CheckGeometryRMSD- Type
 Bool
- Default value
 No
- Description
 Whether the geometry RMSD test should be performed, see MaxGeometryRMSD. Otherwise only basic tests are performed, such as number and atom types. Not doing the RMSD test allows you to load molecular charges in a periodic system.
File- Type
 String
- Description
 Name of the (kf) file
MaxGeometryRMSD- Type
 Float
- Default value
 0.1
- Unit
 Angstrom
- Description
 The geometry of the charge producing calculation is compared to the one of the region, and need to be the same within this tolerance.
Region- Type
 String
- Default value
 *
- Description
 Region for which the charges should be loaded
Section- Type
 String
- Default value
 AMSResults
- Description
 Section name of the kf file
Variable- Type
 String
- Default value
 Charges
- Description
 Variable name of the kf file
MapAtomsToUnitCell- Type
 Bool
- Default value
 No
- Description
 For periodic systems the atoms will be moved to the central cell.
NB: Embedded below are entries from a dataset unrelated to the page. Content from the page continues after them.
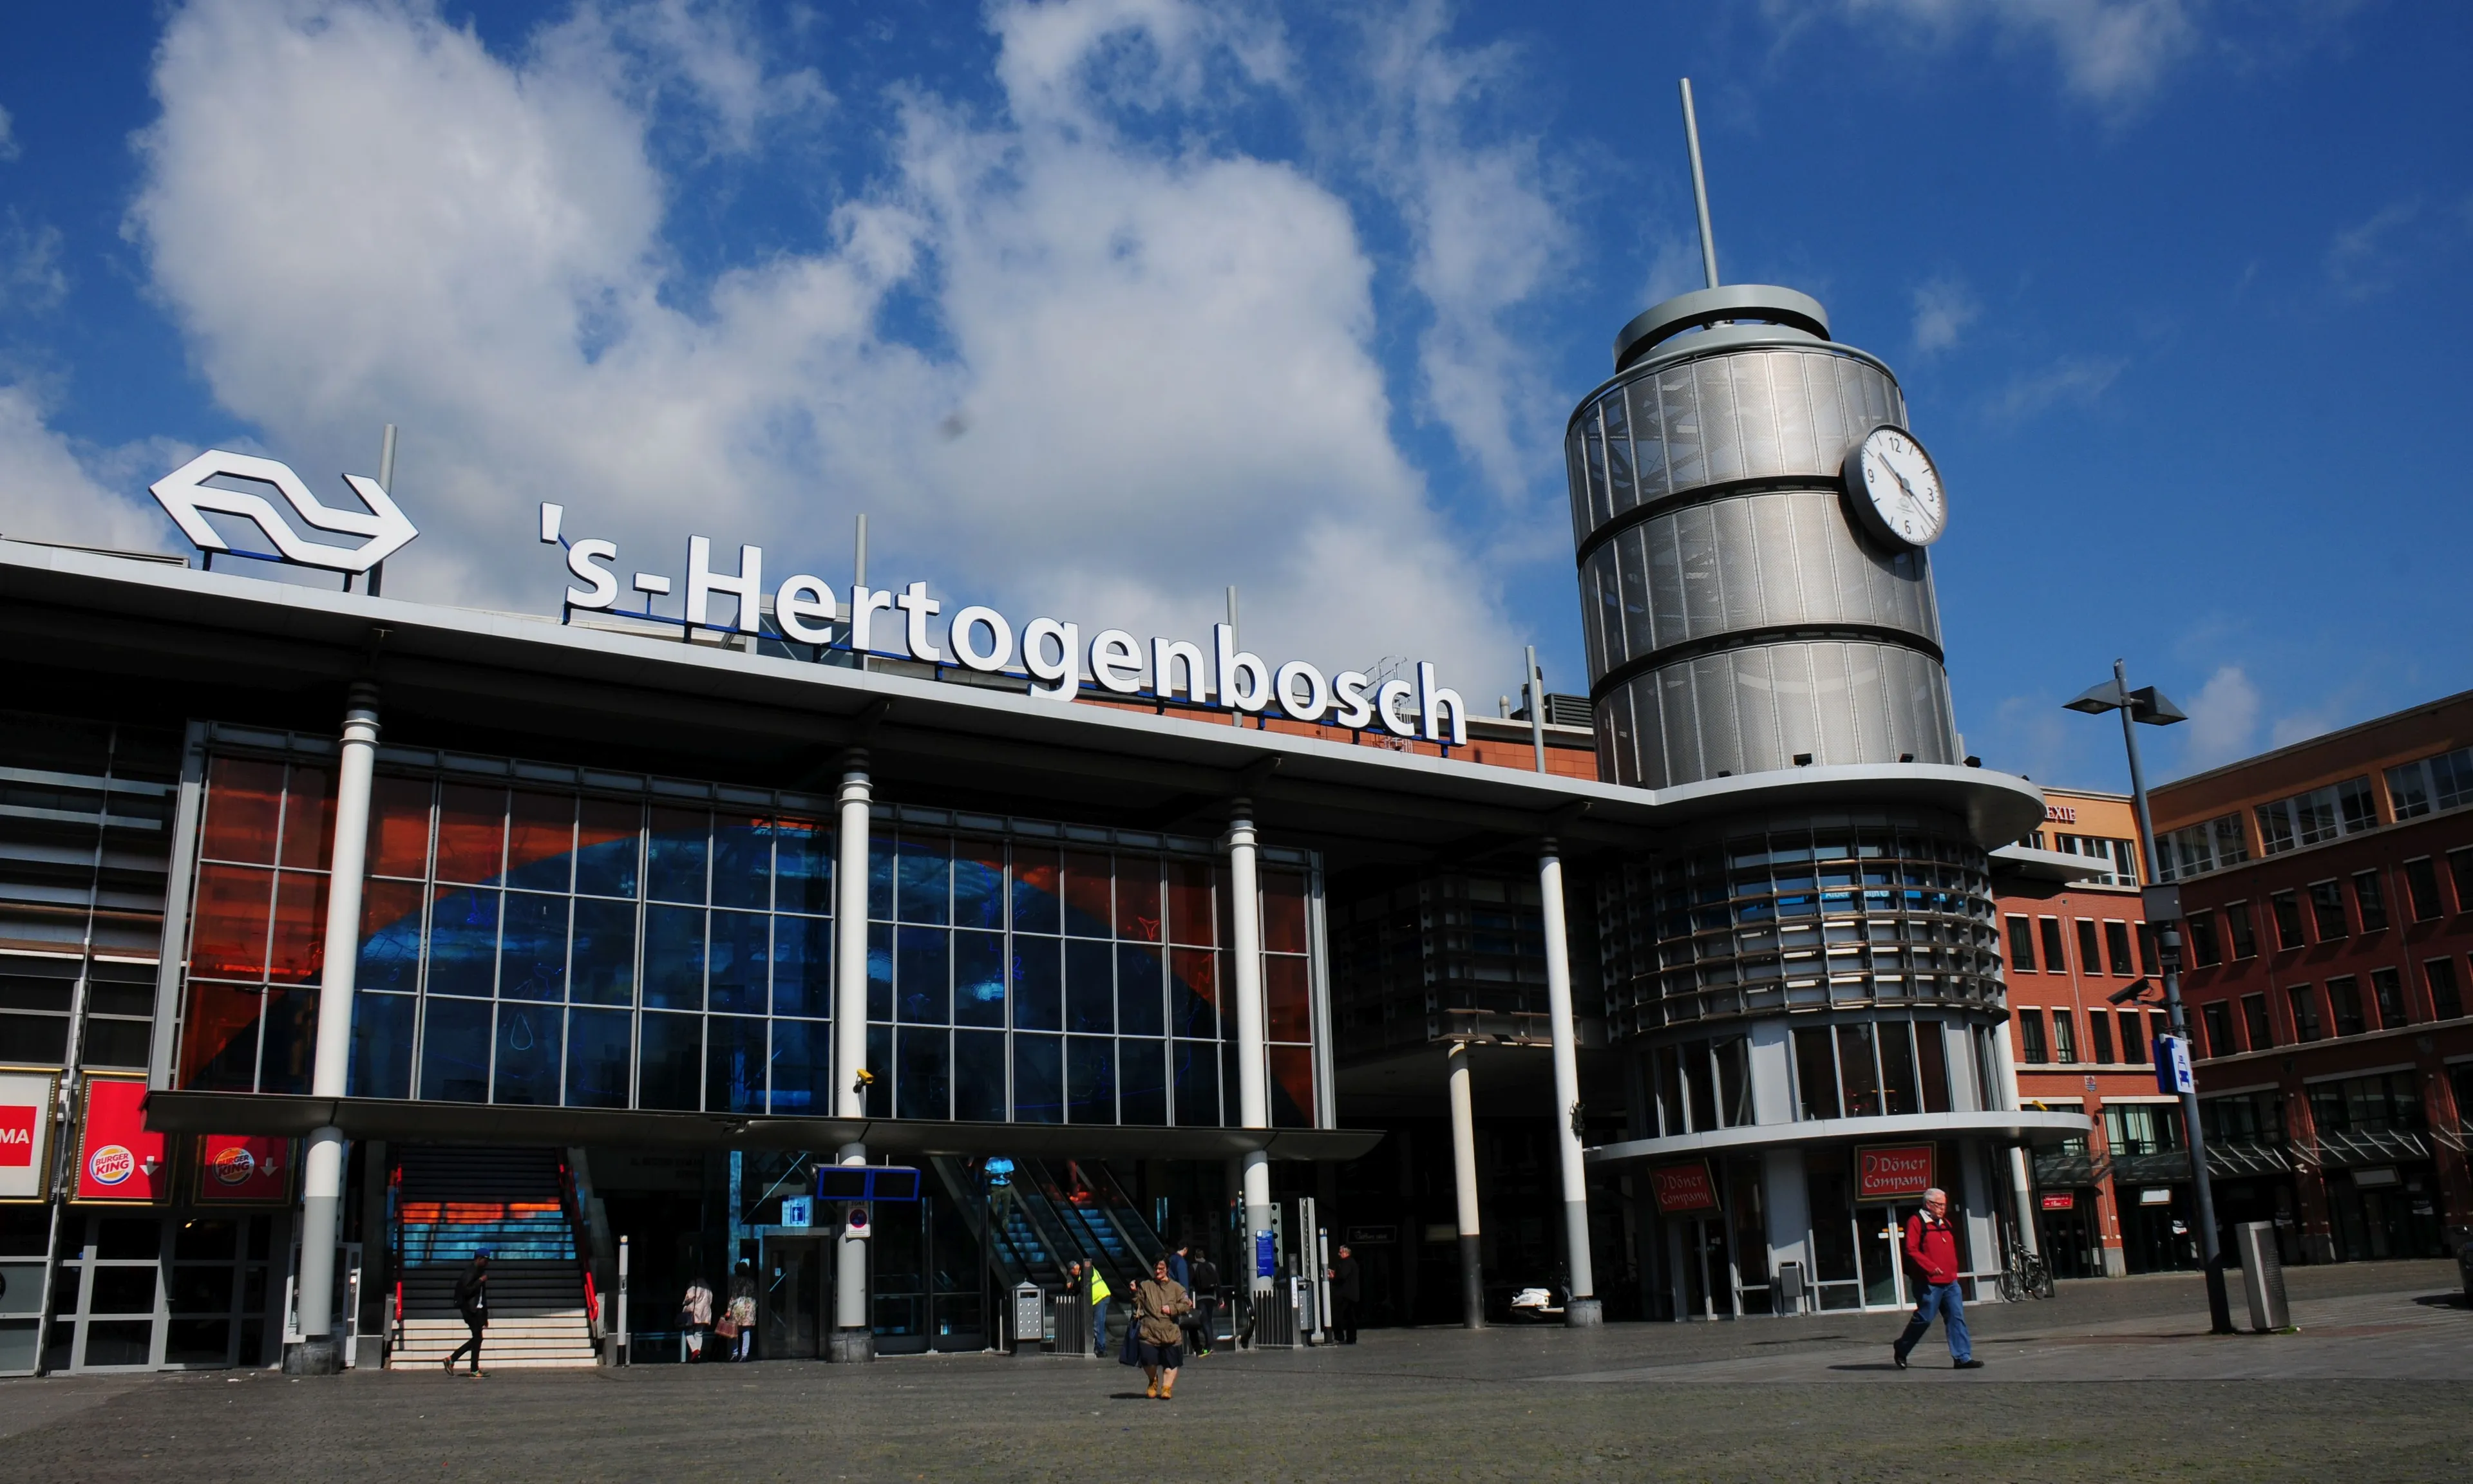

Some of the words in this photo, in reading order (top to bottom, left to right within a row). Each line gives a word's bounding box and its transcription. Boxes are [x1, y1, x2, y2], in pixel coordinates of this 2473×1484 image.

[1889, 437, 1901, 453] 12
[1868, 469, 1875, 484] 9
[1927, 487, 1935, 502] 3
[1904, 520, 1911, 534] 6
[540, 501, 1468, 746] 's-Hertogenbosch
[95, 1153, 129, 1166] BURGER
[218, 1154, 249, 1165] BURGER
[1879, 1157, 1926, 1172] Döner
[96, 1160, 129, 1176] KING
[219, 1161, 250, 1176] KING
[1667, 1174, 1703, 1190] Döner
[1864, 1174, 1928, 1190] Company
[1660, 1190, 1709, 1206] Company
ModifyAlternativeElements- Type
 Bool
- Default value
 No
- Description
 When using alternative elements (using the nuclear_charge attribute) set the element to the nearest integer Z. If you specify an H atom with a nuclear_charge of 2.9 it is replaced by a Li atom with the same nuclear charge.
PerturbCoordinates- Type
 Float
- Default value
 0.0
- Unit
 Angstrom
- Description
 Perturb the atomic coordinates by adding random numbers between [-PerturbCoordinates,PerturbCoordinates] to each Cartesian component. This can be useful if you want to break the symmetry of your system (e.g. for a geometry optimization).
PerturbLattice- Type
 Float
- Default value
 0.0
- Description
 Perturb the lattice vectors by applying random strain with matrix elements between [-PerturbLattice,PerturbLattice]. This can be useful if you want to deviate from an ideal symmetric geometry, for example if you look for a phase change due to high pressure.
RandomizeAtomOrder- Type
 Bool
- Default value
 No
- Description
 Whether or not the order of the atoms should be randomly changed. Intended for some technical testing purposes only. Does not work with bond information.
Region- Type
 Block
- Recurring
 True
- Description
 Properties for each region specified in the Atoms block.
Properties- Type
 Non-standard block
- Description
 Properties for each region specified in the Atoms block.
ShiftCoordinates- Type
 Float List
- Unit
 Bohr
- Description
 Translate the atoms by the specified shift (three numbers).
SuperCell- Type
 Integer List
- Description
 Create a supercell of the input system (only possible for periodic systems). The integer numbers represent the diagonal elements of the supercell transformation; you should specify as many numbers as lattice vectors (i.e. 1 number for 1D, 2 numbers for 2D and 3 numbers for 3D periodic systems).
SuperCellTrafo- Type
 Integer List
- Description
 Create a supercell of the input system (only possible for periodic systems) \(\vec{a}_i' = \sum_j T_{ij} \vec{a}_j\). The integer numbers represent the supercell transformation \(T_{ij}\): 1 number for 1D PBC, 4 numbers for 2D PBC corresponding to a 2x2 matrix (order: (1,1),(1,2),(2,1),(2,2)) and 9 numbers for 3D PBC corresponding to a 3x3 matrix (order: (1,1),(1,2),(1,3),(2,1),(2,2),(2,3),(3,1),(3,2),(3,3)).
Symmetrize- Type
 Bool
- Default value
 No
- Description
 Whether to symmetrize the input structure. This might also rototranslate the structure into a standard orientation. This will symmetrize the atomic coordinates to machine precision. Useful if the system is almost symmetric or to rototranslate a symmetric molecule into a standard orientation.
Symmetry- Type
 Multiple Choice
- Default value
 AUTO
- Options
 [AUTO, NOSYM, C(LIN), D(LIN), C(I), C(S), C(2), C(3), C(4), C(5), C(6), C(7), C(8), C(2V), C(3V), C(4V), C(5V), C(6V), C(7V), C(8V), C(2H), C(3H), C(4H), C(5H), C(6H), C(7H), C(8H), D(2), D(3), D(4), D(5), D(6), D(7), D(8), D(2D), D(3D), D(4D), D(5D), D(6D), D(7D), D(8D), D(2H), D(3H), D(4H), D(5H), D(6H), D(7H), D(8H), I, I(H), O, O(H), T, T(D), T(H), S(4), S(6), S(8)]
- Description
 Use (sub)symmetry with this Schoenflies symbol. Can only be used for molecules. Orientation should be correct for the (sub)symmetry. If used icw Symmetrize, the symmetrization will not reorient the molecule.